## TASK DIRECTIONS
Each entry that follows should be given again word for word; please leave out its pictures.

··· THE DATA

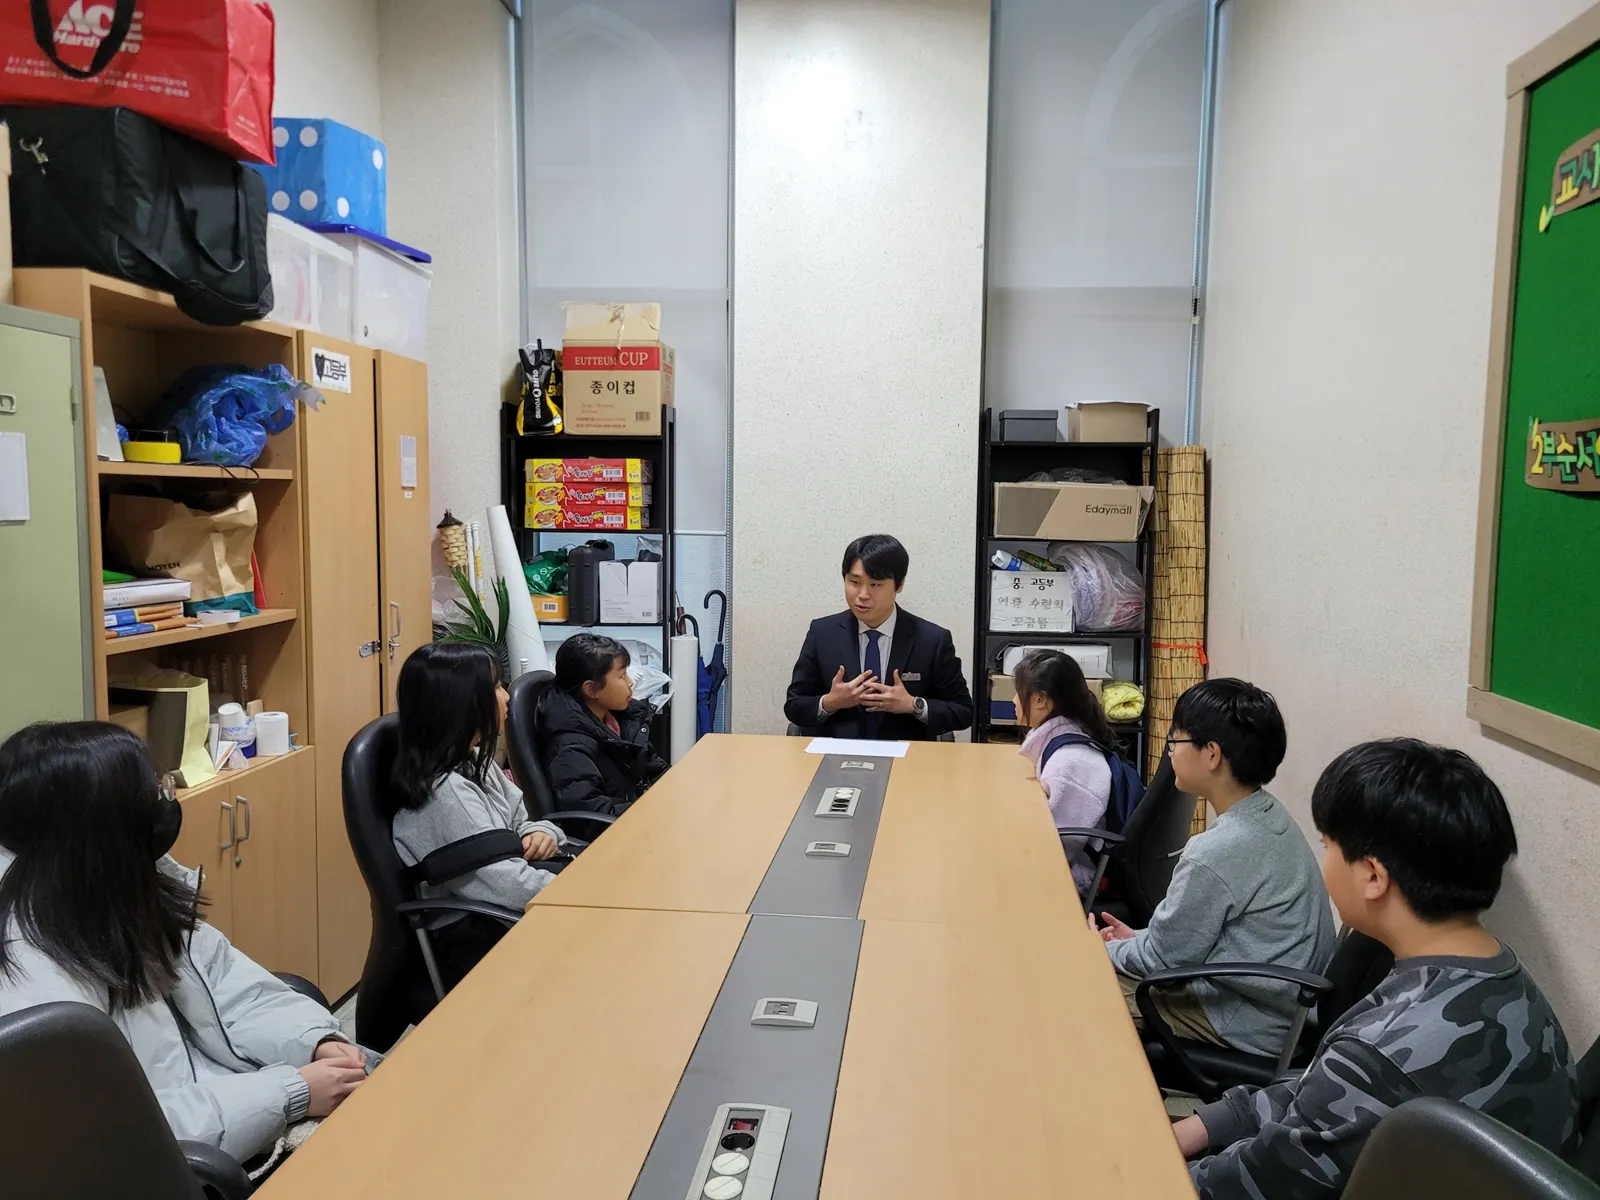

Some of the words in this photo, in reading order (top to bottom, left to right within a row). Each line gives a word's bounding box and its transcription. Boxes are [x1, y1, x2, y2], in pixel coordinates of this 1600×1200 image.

[53, 30, 141, 53] Hardre
[575, 356, 617, 366] EUTTEUM
[619, 351, 649, 366] CUP
[532, 369, 540, 388] OLIVE
[590, 380, 635, 395] 종이컵
[534, 397, 542, 419] YOUNG
[1531, 431, 1600, 481] 2부순서
[1085, 504, 1132, 516] Edaymall
[1030, 577, 1054, 591] 고등부
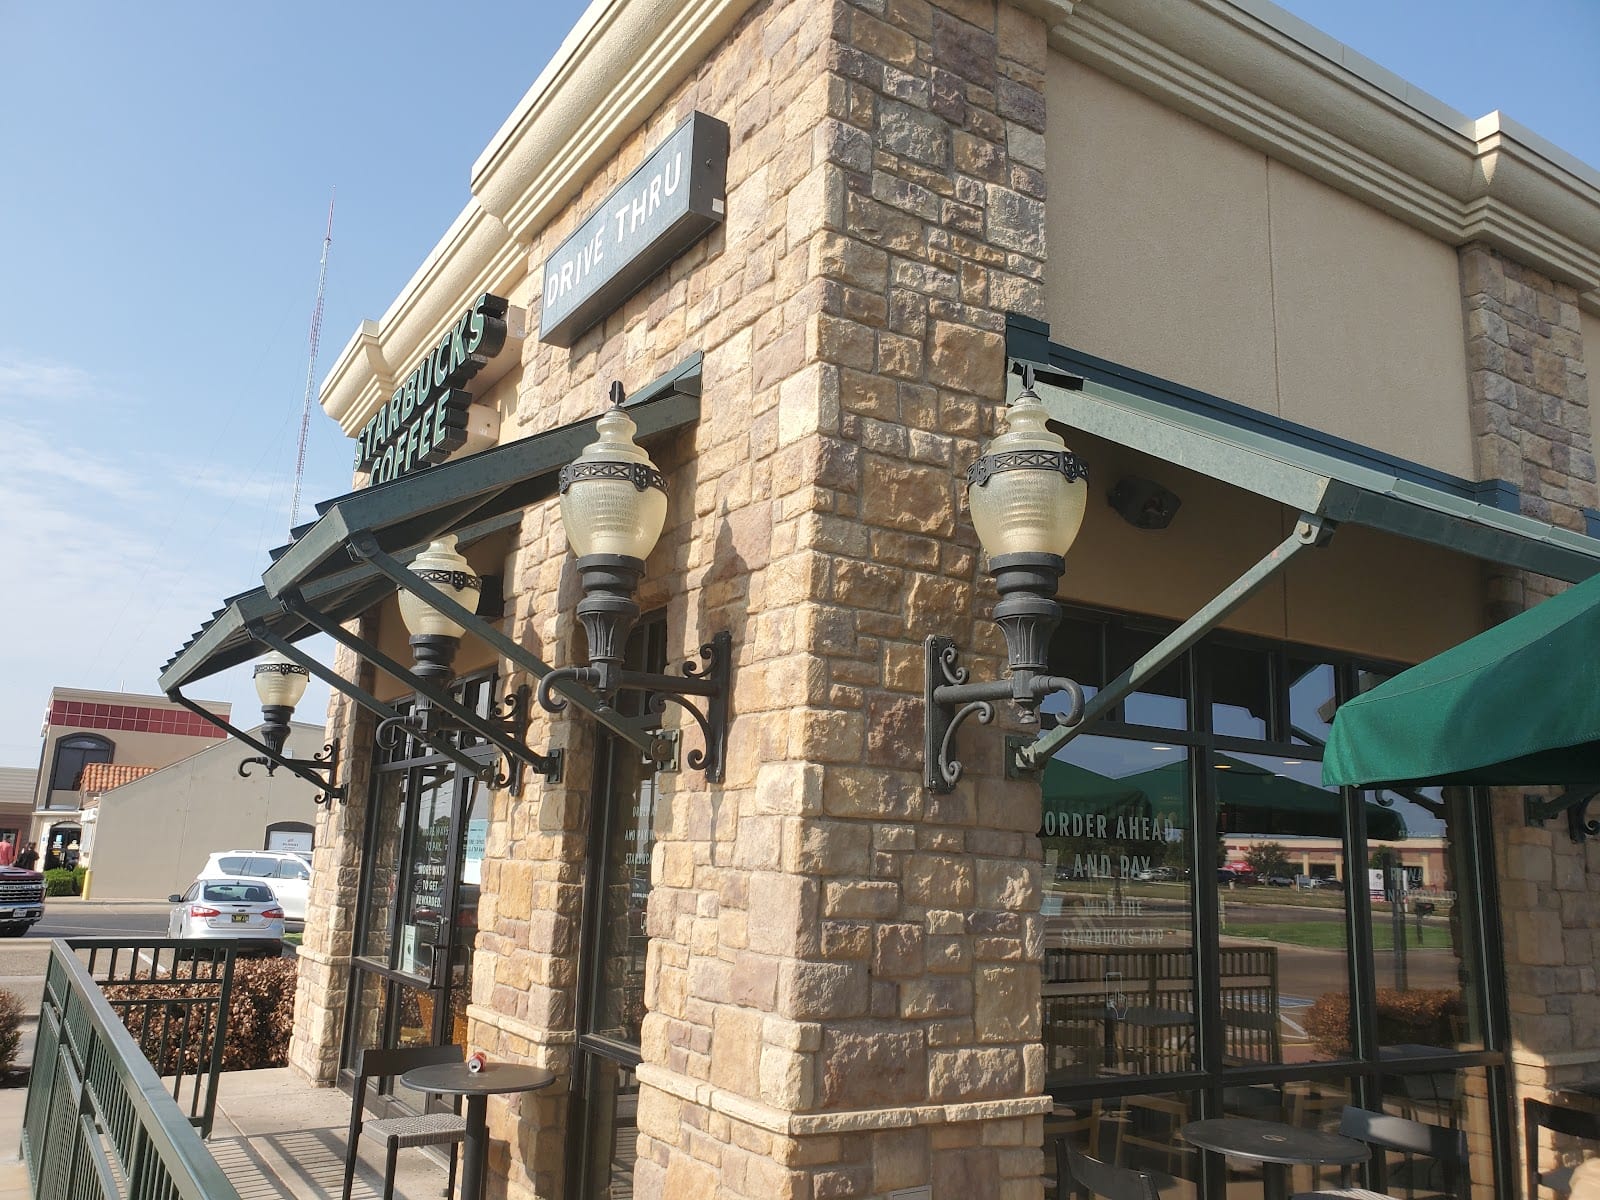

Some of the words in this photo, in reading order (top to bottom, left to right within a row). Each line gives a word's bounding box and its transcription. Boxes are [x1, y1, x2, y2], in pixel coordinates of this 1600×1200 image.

[547, 225, 605, 308] DRIVE
[615, 151, 682, 243] THRU
[353, 293, 488, 472] STARBUCKS
[369, 389, 451, 488] COFFEE
[1044, 811, 1107, 838] ORDER
[1115, 815, 1175, 842] AHEAD
[1073, 853, 1111, 879] AND
[1120, 855, 1150, 880] PAY
[422, 880, 429, 890] TO
[429, 880, 439, 891] GET
[1084, 899, 1115, 916] WITH
[1121, 900, 1143, 916] THE
[1062, 928, 1135, 946] STARBUCKS
[1141, 928, 1164, 945] APP
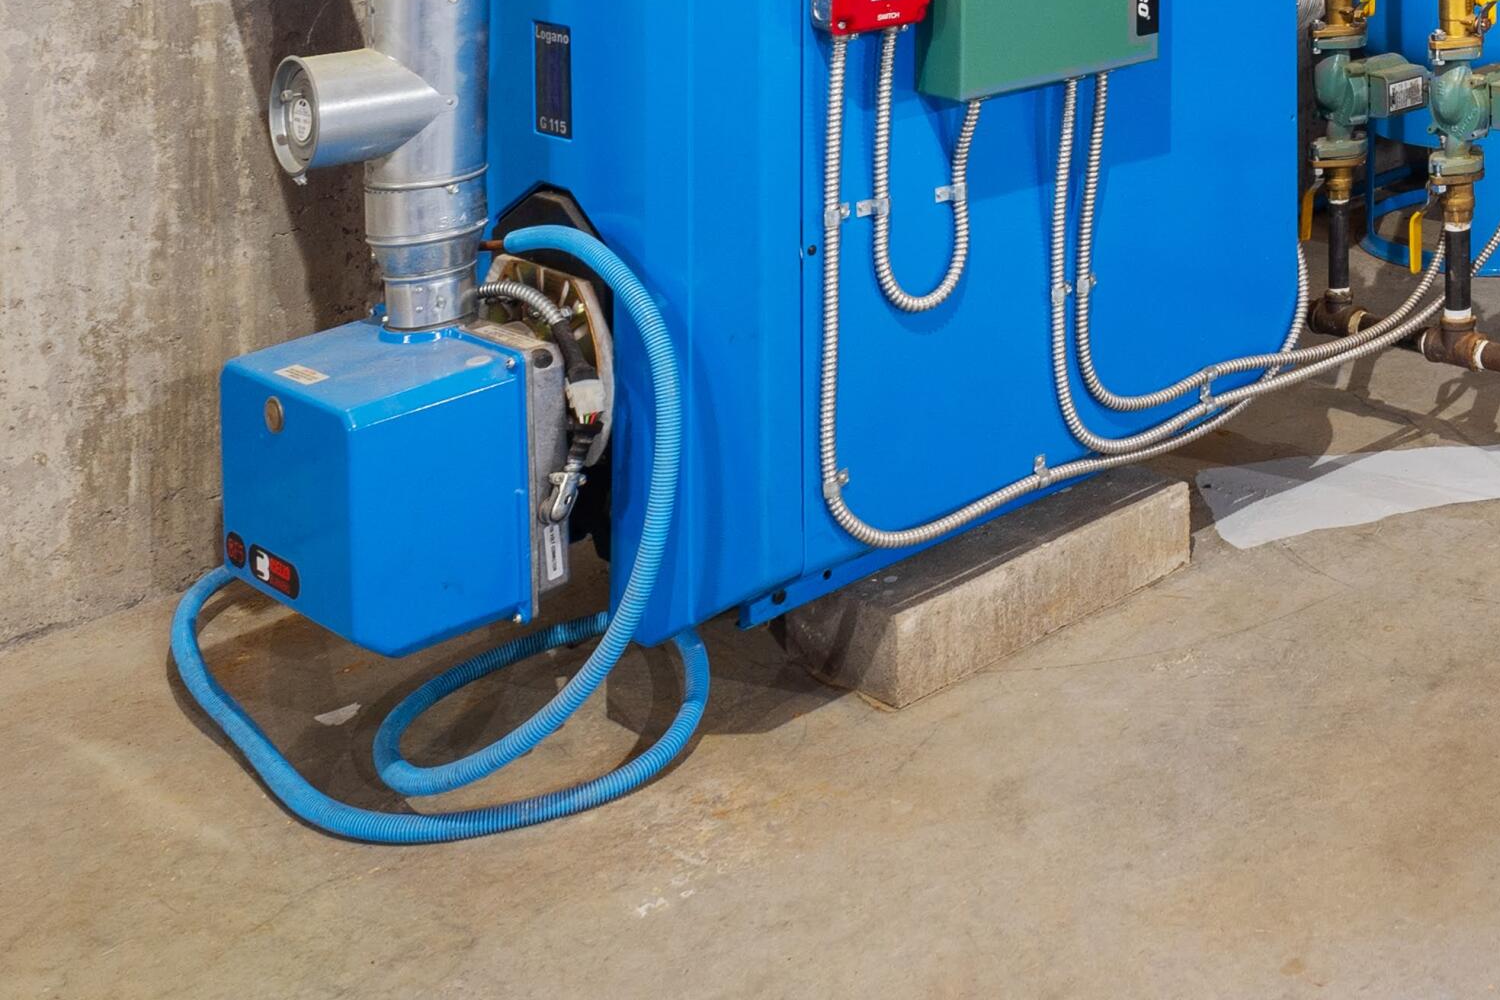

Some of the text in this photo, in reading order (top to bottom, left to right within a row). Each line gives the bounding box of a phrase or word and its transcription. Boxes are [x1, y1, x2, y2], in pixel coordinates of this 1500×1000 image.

······

## RESULT OF THIS TASK
Some of the words in this photo, in reading order (top to bottom, left to right within a row). Each line gives a word's bounding box and its transcription. Boxes are [x1, y1, x2, y2], in pixel coordinates of this 1600×1200 image.

[53, 30, 141, 53] Hardre
[575, 356, 617, 366] EUTTEUM
[619, 351, 649, 366] CUP
[532, 369, 540, 388] OLIVE
[590, 380, 635, 395] 종이컵
[534, 397, 542, 419] YOUNG
[1531, 431, 1600, 481] 2부순서
[1085, 504, 1132, 516] Edaymall
[1030, 577, 1054, 591] 고등부

Some of the words in this photo, in reading order (top to bottom, left to right within a row). Each line gives a word's bounding box and its transcription. Boxes are [x1, y1, x2, y2], in pixel coordinates of this 1600×1200 image.

[547, 225, 605, 308] DRIVE
[615, 151, 682, 243] THRU
[353, 293, 488, 472] STARBUCKS
[369, 389, 451, 488] COFFEE
[1044, 811, 1107, 838] ORDER
[1115, 815, 1175, 842] AHEAD
[1073, 853, 1111, 879] AND
[1120, 855, 1150, 880] PAY
[422, 880, 429, 890] TO
[429, 880, 439, 891] GET
[1084, 899, 1115, 916] WITH
[1121, 900, 1143, 916] THE
[1062, 928, 1135, 946] STARBUCKS
[1141, 928, 1164, 945] APP

Some of the text in this photo, in reading order (top to bottom, left to right within a row). Each line gives the bounding box of a phrase or word and its transcription. Boxes are [x1, y1, x2, y2], in pixel coordinates of this 1500×1000 image.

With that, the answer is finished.